Davranışsal iktisatta önemli bir yere sahip dürtme kavramını, tasarruf tarafında kullanmak ise harcamaların etkisini tersine çevirebiliyor. Robo danışmanlar bu anlamda “Hedef Odaklı Yatırım” fonksiyonu ile birlikte, kişinin gelecekteki hedefine ulaşabilmesi için hem mevcut yatırımlarını otomatik olarak yönetiyor hem de hedefe yönelik düzenli olarak birikim yapabiliyor. Özellikle açık bankacılığın sağladığı avantajlardan yararlanarak, kişinin banka hesabından düzenli olarak yatırım için para transferi gerçekleştirebiliyor. Belirlenen hedefe yönelik olarak mevcut yatırımların getirilerindeki dalgalanmayı da analiz eden bu uygulamalar duruma göre yatırım enstrümanları arasındaki dağılım oranlarını da yeniden dengeleyebiliyor. Bu teknolojiye bir de bankadaki harcama analizlerini eklediğimizde gerçek anlamda bir dijital finans danışmanına dönüşebiliyorlar.

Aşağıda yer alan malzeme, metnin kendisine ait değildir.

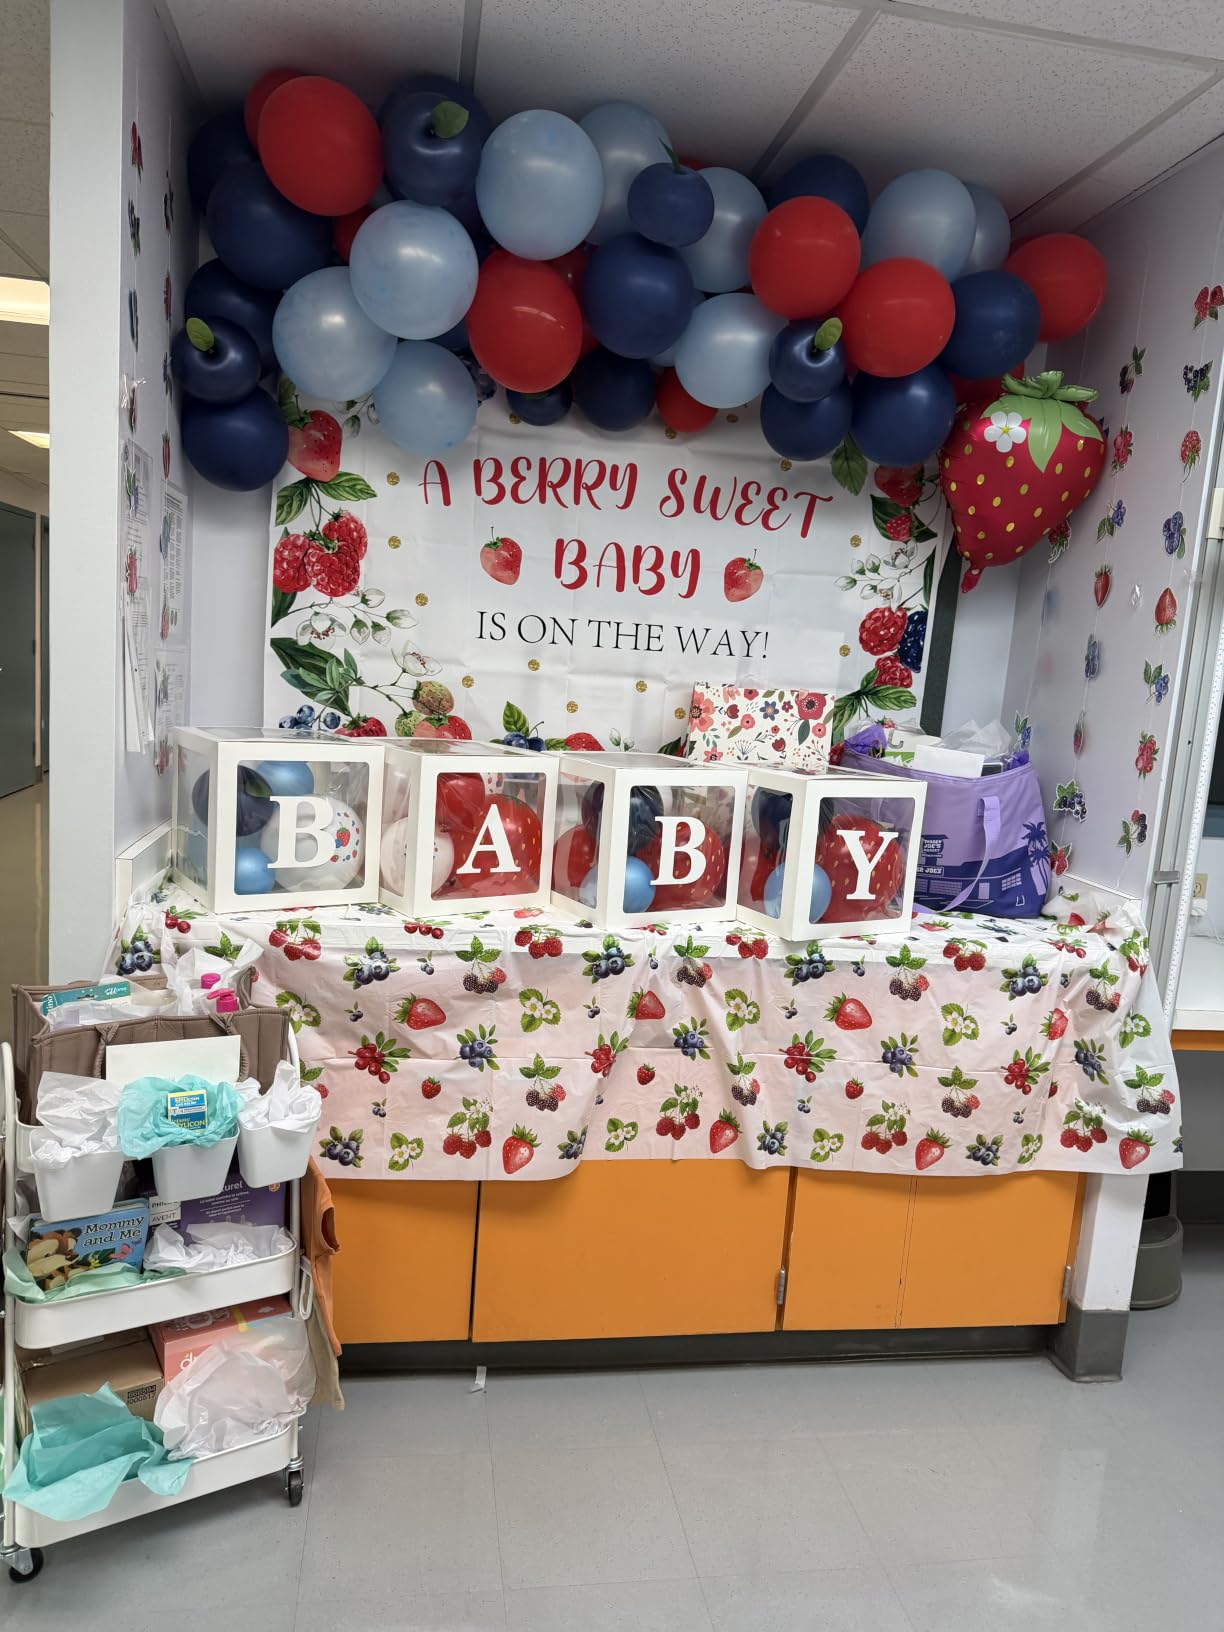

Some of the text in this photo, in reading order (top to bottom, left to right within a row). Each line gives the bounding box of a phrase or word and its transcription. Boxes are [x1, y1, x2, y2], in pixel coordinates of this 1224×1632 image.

Hali hazırda bu anlattıklarımı kısmen de olsa yerine getiren uygulamalar ülkemizde de mevcut. Bu uygulamalar önce sizi tanıyarak işe başlıyorlar. Risk algınızı, risk toleransınızı ve risk kapasitenizi öğrendikten sonra belirlediğiniz hedefe yönelik olarak size yatırım tavsiyesi sunabiliyorlar. Hatta bu tavsiyelere göre alım satım işlemlerini gerçekleştiriyorlar. Hedeften veya getiri beklentisinden uzaklaşıldığında yeniden dengeleme yapabiliyorlar. Elbette ki şu andaki mevzuat bu hizmetin sadece yetkili yatırım kuruluşları aracılığı ile sunulmasına izin veriyor. Bu konuda hizmet vermeyi düşünen fintechler açısından mevzuatın B2C uygulamaları lisanslaması ve açık bankacılığın bu başlık altında daha fazla imkan sağlaması çok önemli. Finansal sistemin bu seviyede yaygınlaşması için otoritelerin de fintechleri can kulağı ile dinleyerek bu imkanları sağlamasının çok değerli olduğunu düşünüyorum.
Sözün Özü
Finansal okuryazarlık kavramını, finansal yeterlilik ve finansal farkındalık seviyesine taşıyabilmek için erken yaşlardan itibaren bunun bir kültür olarak tanımlanması çok önemli. Artan dijitalleşme ile birlikte bilgiyi içselleştirmek, finansal hedefler belirlemek, hedeflere ulaşmak için plan ve stratejiler geliştirmek, bu gelişmeyi izlemek, dinamik bir bütçe yapma farkındalığına ulaşmak, bütçelerin sonuçlarını değerlendirebilmek ve tüm bunları değişen koşullara göre uyarlayabilmek artık daha kolay. Her konuda olduğu gibi bunu da, içselleştirerek hayatın bir parçası haline getirmekle başlıyor her şey.